Supreme Court of the State of New York, Nassau County
Jul 2, 2010
2010 N.Y. Slip Op. 31736 (N.Y. Sup. Ct. 2010)

Opinion

019238/08.

July 2, 2010.


Papers Submitted: Notice of Motion ............................. x Affirmation in Opposition .................... x Reply Affirmation ............................ x

The Plaintiff moves pursuant to CPLR § 3212 for an order granting summary judgment as to the issue of the liability on behalf of the Defendant, The Dizzy Lizard, Inc., and directing an assessment of damages to be determined by a jury.

Facts :

On April 13, 2008, the Plaintiff was injured in a motor vehicle accident, while he was a passenger in the automobile operated by the Defendant, Steven Jones, Jr., and owned by the Defendant, Steven Jones, Sr. ( see Levine Affirmation in Support at Exhibits 3, 8, 9).
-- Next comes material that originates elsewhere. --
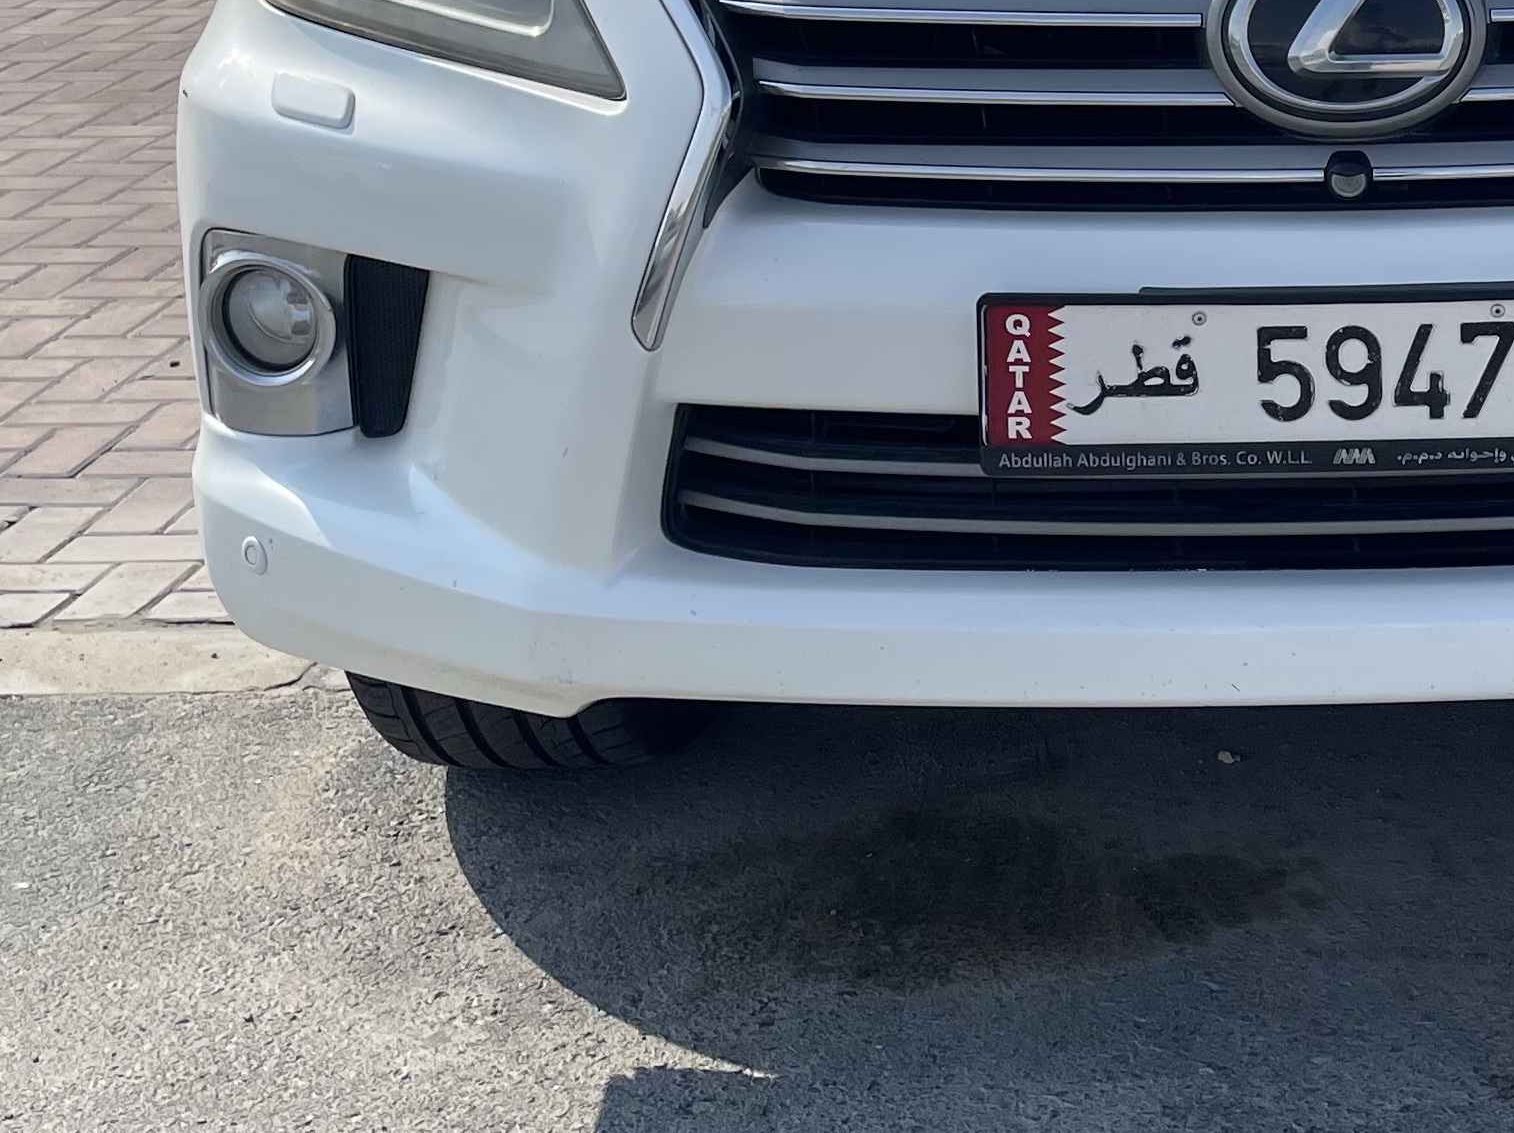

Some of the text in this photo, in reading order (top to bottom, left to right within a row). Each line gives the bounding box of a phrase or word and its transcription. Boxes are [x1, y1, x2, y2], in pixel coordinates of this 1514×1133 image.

[1005, 314, 1033, 440] QATAR
[1066, 334, 1200, 416] قطر
[999, 450, 1313, 471] Abdullah Abdulghani & Bros. Co. W.L.L.
Said accident occurred at approximately 1:45 a.m. on Hempstead Turnpike, in Farmingdale, New York, when the Jones vehicle collided with a train overpass ( id. at Exhibit 7). On the date of the accident, both Steven Jones Jr., as well as Erik Jaeger, were each 18 years of age ( id. at ¶ 4). The Defendant, Steven Jones, Jr., was arrested and charged with DWI in violation of Vehicle and Traffic Law § 1192.3 ( id. at Exhibit A). Prior to the subject accident, the Defendant, Steven Jones, Jr., was a patron at The Dizzy Lizard [hereinafter Dizzy Lizard], which is a tavern located 736-738 Fulton Avenue in Hempstead, New York ( see Levine Affirmation in Support at ¶¶ 2, 4; see also Exhibit 3).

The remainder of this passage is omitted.